Аракчеевская утопия тоже в конце концов имела целью счастье России. Благоденствие русского народа. Только средства были особые, новые, изобретенные Аракчеевым.
Вместо армяков — мундиры, вместо лаптей — сапоги, вместо изб — казармы в линию, многоэтажные, ровные, одинаковые пьедесталы, вместо деревни — поселения, вместо волостей — штабы, вместо бедности — одинаковое довольствие и пропитание, вместо беспорядков — всеобщая дисциплина, граждане по команде встают, по команде засыпают, по команде едят, по команде работают. Все расчерчено и вычислено. Унтер-офицеры ведут народ по пути усовершенствований, и «российская жизнь течет ровно и спокойно под неумолкаемый звук барабанов». Кого из правителей не прельстит подобная идеальная система управления народом? Александр тоже обрадовался, и строительство военных поселений началось. В тогдашней бедной Новгородской губернии строились аккуратные стандартные домики, где была одинаковая для всех мебель — шкафы, двуспальные кровати, одинаковые крынки, полы моют в одно время, свадьбы общие в один день. Нам не нравится немецкая солдатчина, но Аракчеев не немец, а делал он то, что немцам и не снилось. Прогрессивные идеи волновали общество, обсуждались всевозможные проекты, а действительная жизнь была в руках Аракчеева.

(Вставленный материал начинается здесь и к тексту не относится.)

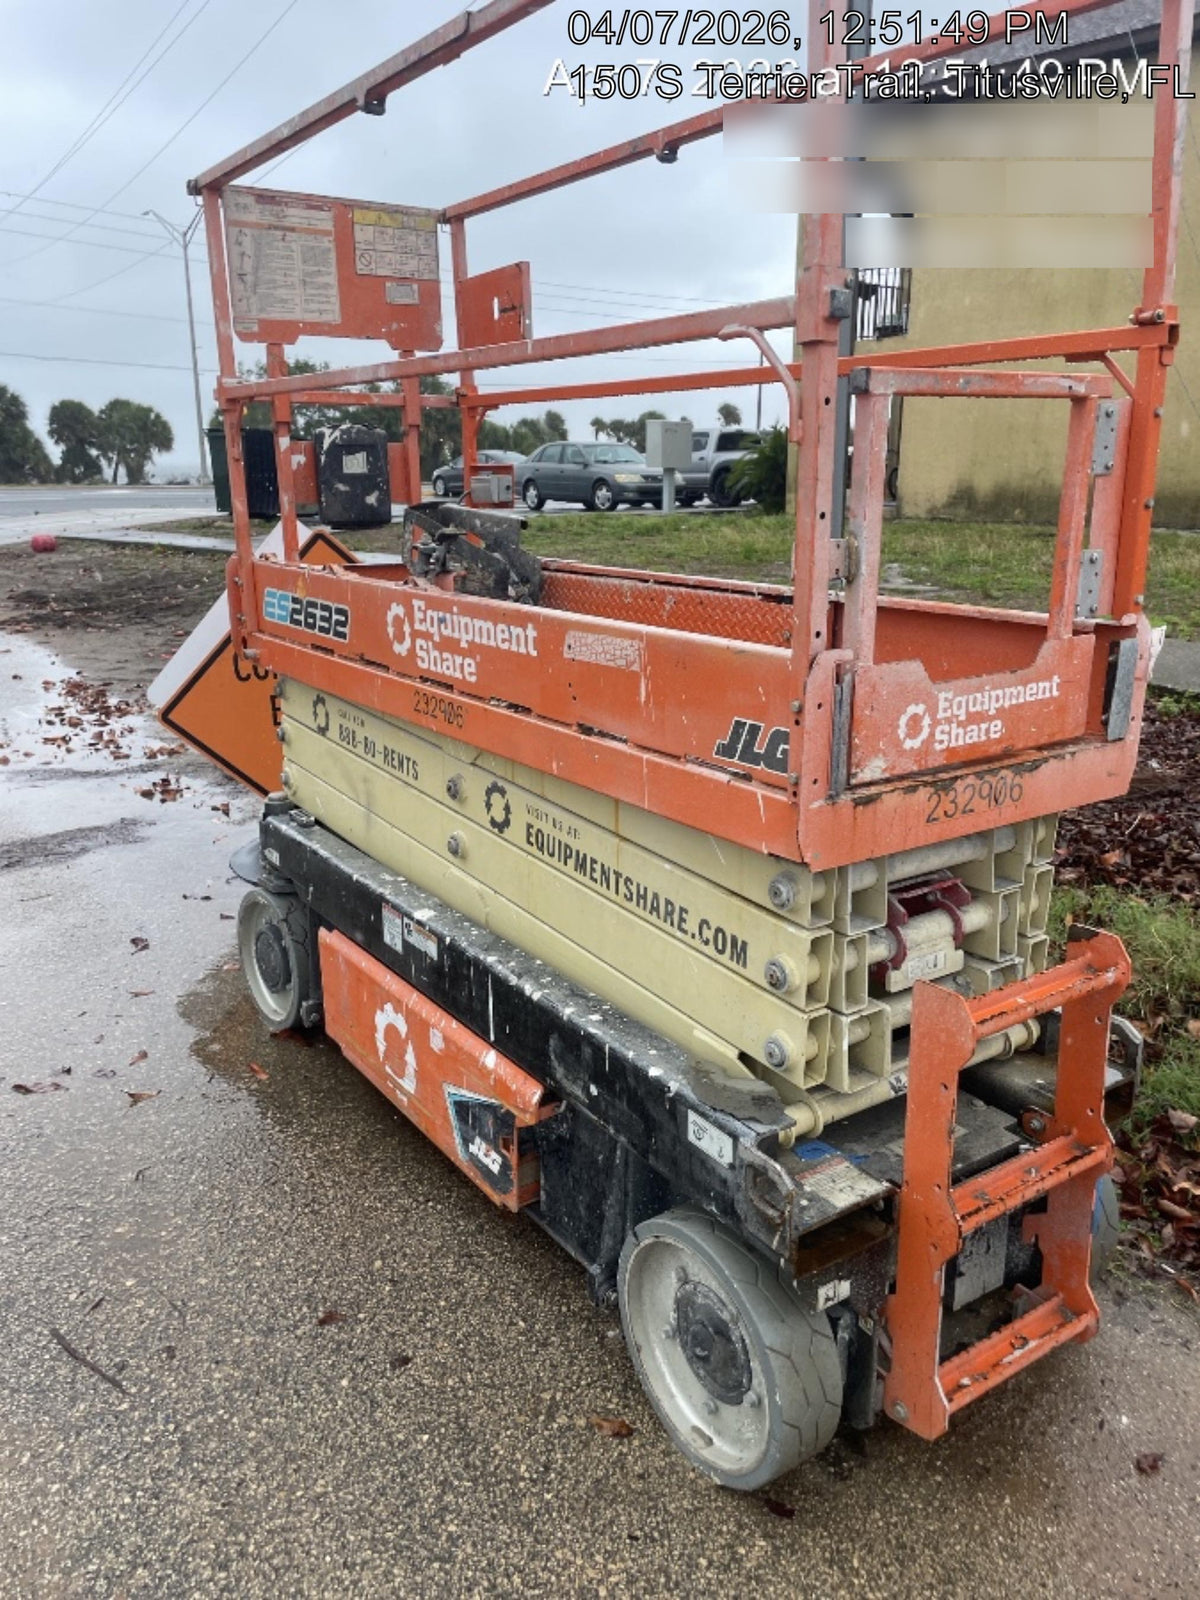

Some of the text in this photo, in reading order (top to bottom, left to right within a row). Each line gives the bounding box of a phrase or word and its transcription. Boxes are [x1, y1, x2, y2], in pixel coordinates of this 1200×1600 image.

ПациентХирург был в восторге. Операция прошла блестяще. Это была редчайшая операция, тогда в Питере таких еще не делали. Хирург выступил на семинаре.
Больной — старик-пенсионер, обреченный на смерть, через три дня почувствовал себя здоровым. Хирург пригласил коллег в палату показать спасенного. Старик играл в козла с соседом и исподтишка курил.
— Ну как мы себя чувствуем? — спросил хирург.
— Отлично.
— Скоро будем выписываться.
— Конечно. Пора домой. Эти сволочи, соседи, надеялись, что я помру. Оттяпали кусок участка. Но я им покажу. Буду судиться до победы. Они у меня попрыгают. Скорее выписываться надо.
Когда вышли в коридор, профессор посмотрел на хирурга, покачал головой. Хирург развел руками, что должно было означать что-то понятное им обоим.
* * *Почти каждый человек на Земле претерпел любовь. У одних большая, у других она была малой. Мужчины, женщины. Будем считать только с начала нашего летоисчисления. С Рождества Христова. У каждого из этих миллионов любовь была своя, неповторимая. Так же как лицо каждого человека. Все имеют нос, глаза, рот, а все люди, жившие на Земле, отличались друг от друга. За тысячи лет не было ни одного повторения. История любви вот так же бесконечно разнообразна. Она повторяется только в плохих романах.